それでは、利用運送にまつわる法律や規則等を、いい機会ですのでご紹介しておきましょう。
1.貨物利用運送事業法(平成1年12月19日号外法律第82号)
2.貨物運送取扱事業法の施行期日を定める政令(平成2年7月10日号外政令第209号)
3.貨物利用運送事業法施行規則(平成2年7月30日号外運輸省令第20号)
4.貨物運送取扱事業法の施行に伴う経過措置等に関する政令(平成2年7月10日号外政令第210号)
5.許可、認可等の整理及び合理化に関する法律による貨物運送取扱事業法の一部改正に伴う経過
  措置に関する政令(平成7年1月20日政令第6号)
6.鉄道事業法等の一部を改正する法律の施行に伴う経過措置を定める省令(平成15年2月14日号外
  国土交通省令第12号)
7.標準貨物自動車利用運送約款(平成2年11月26日号外運輸省告示第579号)
8.標準貨物自動車利用運送(引越)約款(平成2年11月26日号外運輸省告示第580号)
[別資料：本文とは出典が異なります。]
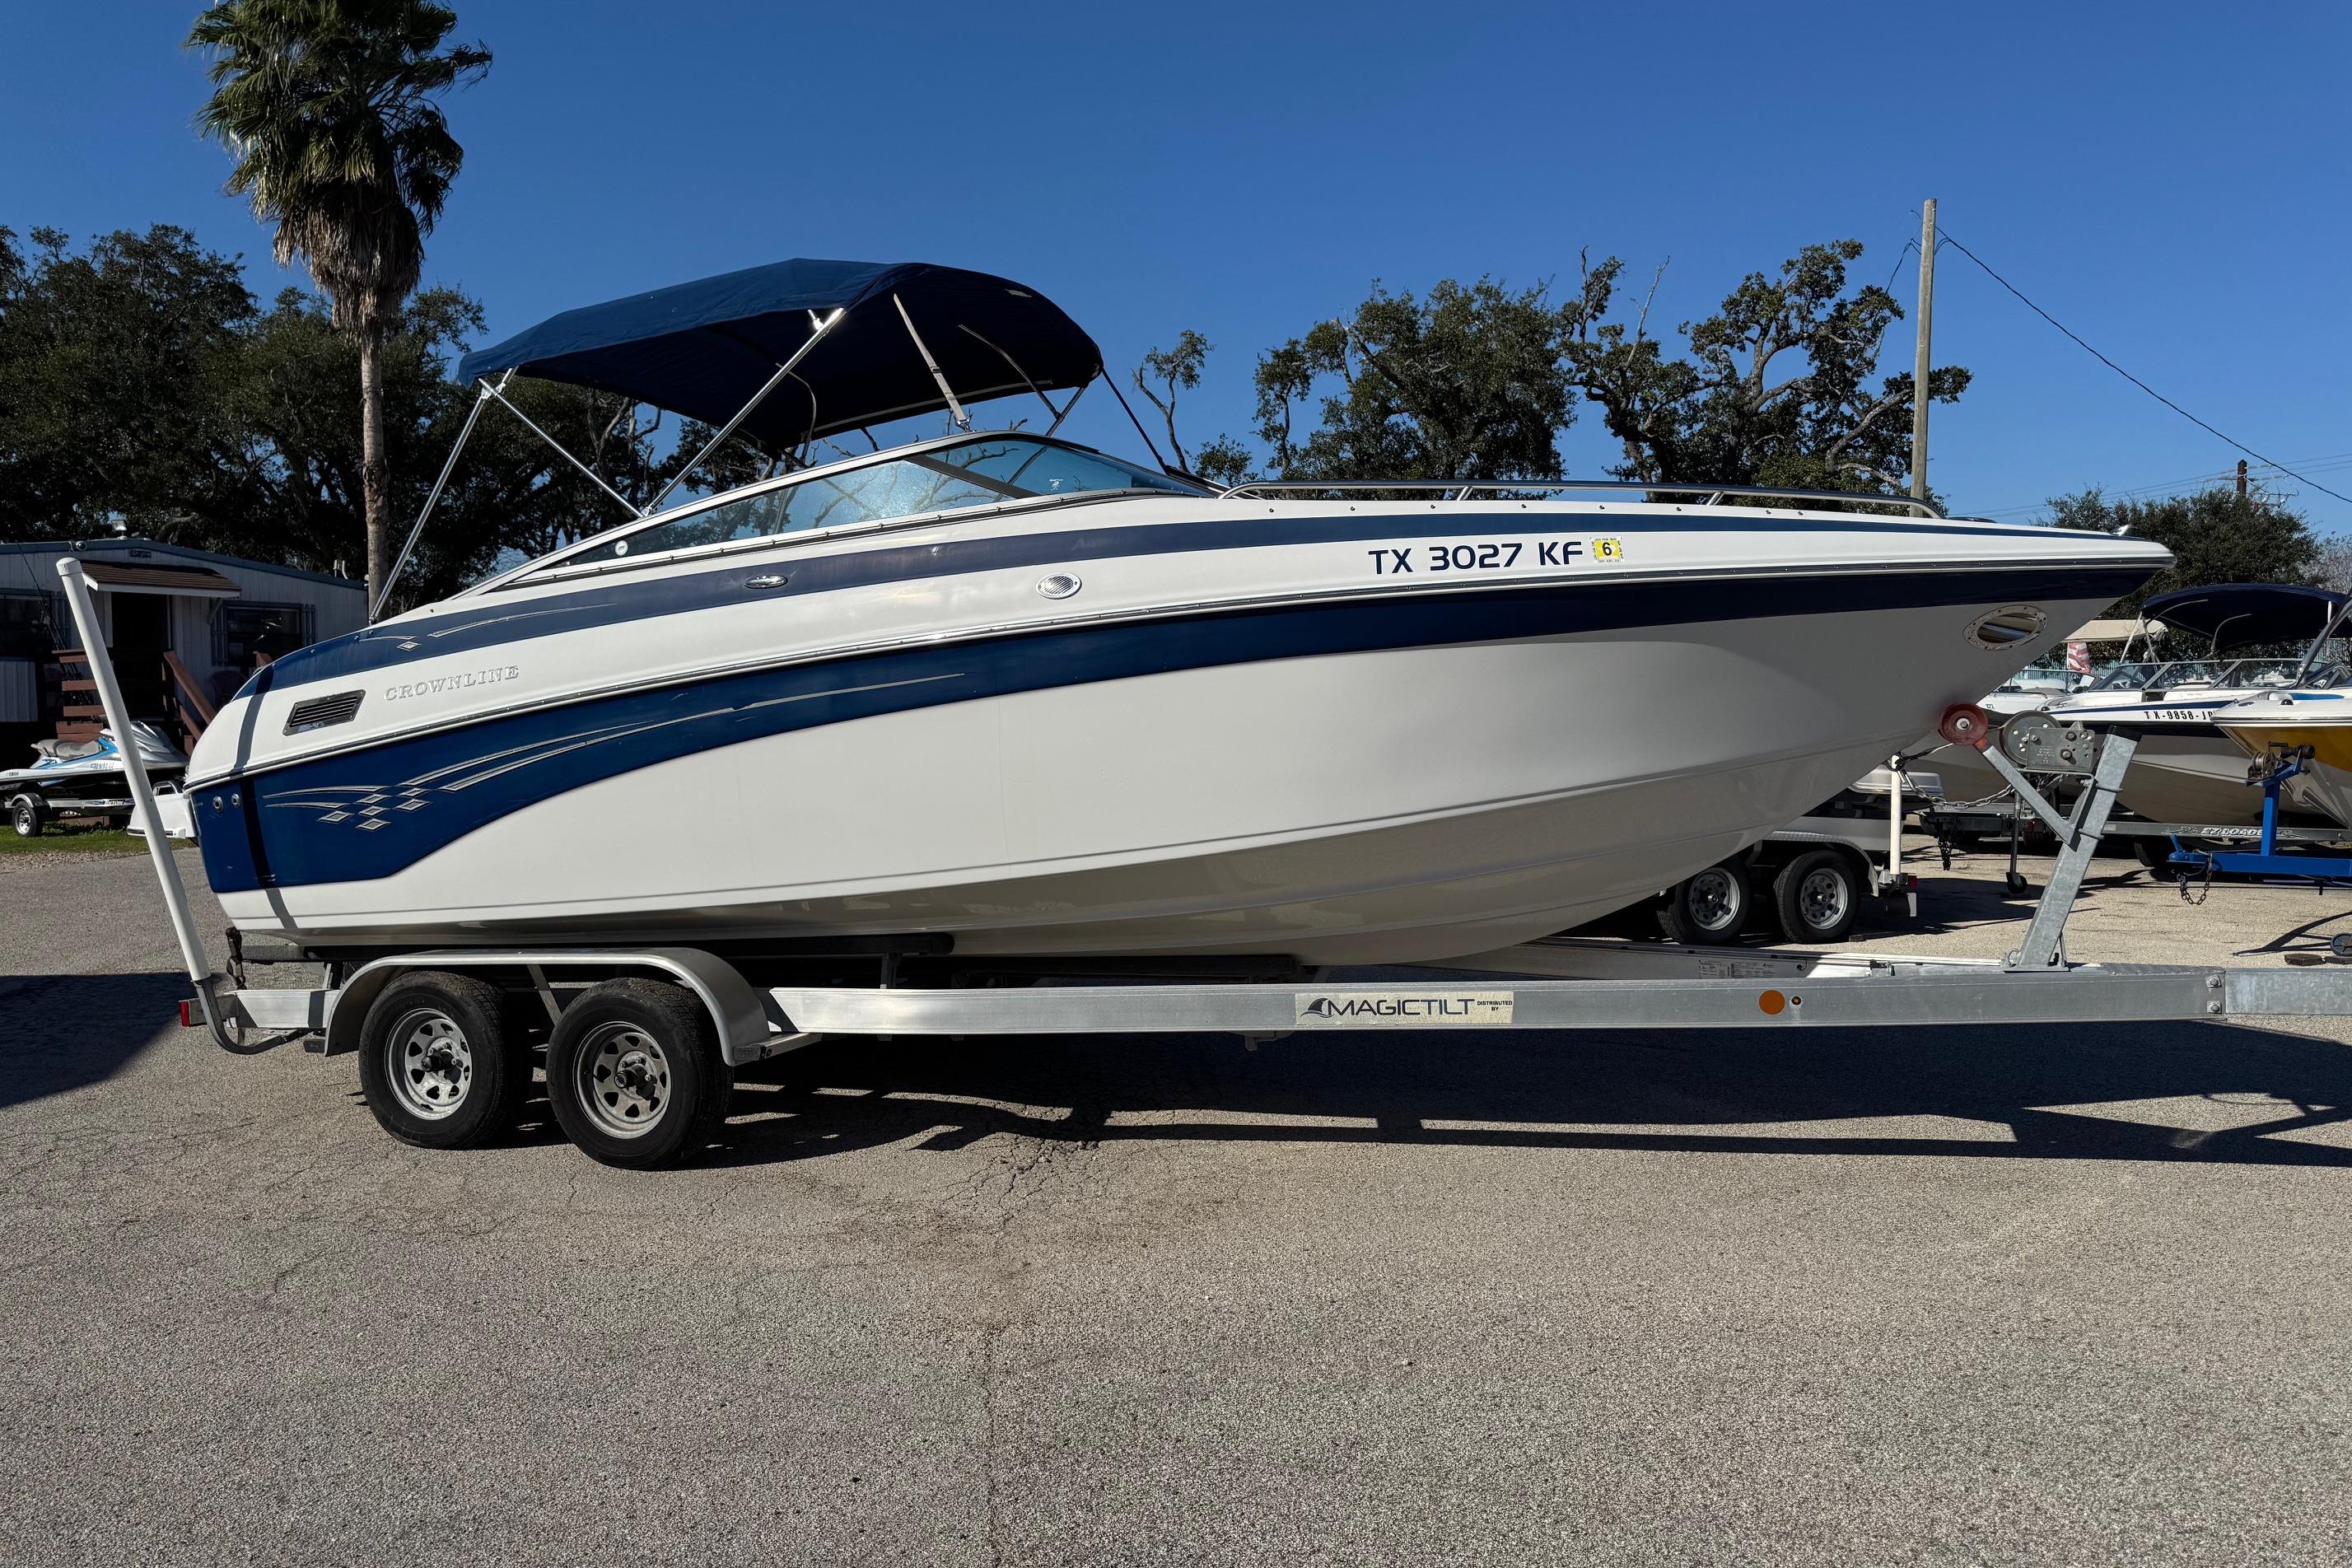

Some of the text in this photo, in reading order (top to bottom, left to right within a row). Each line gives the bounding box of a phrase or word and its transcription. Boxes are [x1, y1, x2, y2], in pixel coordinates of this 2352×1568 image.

9.標準外航利用運送約款(平成2年11月29日号外運輸省告示第586号)
10.標準鉄道利用運送約款(平成2年11月29日号外運輸省告示第588号)
11.標準国際利用航空運送約款(平成2年12月1日号外運輸省告示第594号)
12.標準内航利用運送約款(平成18年2月28日号外国土交通省告示第316号)
13.貨物利用運送事業報告規則(平成2年11月29日号外運輸省令第32号)
14.貨物流通事業者の氏名の変更の届出等の一本化した提出の手続を定める省令(平成7年6月23日
  運輸省令第37号)

このように、利用運送とひと言でいっても、14もの法令等が関係しているビジネスなのです。許可や登録さえ取ればあとは簡単という風に安易に理解するのではなく、これらの法令を活用する道に高い収益性があるとお考え頂くのが正しい経営に繋がります。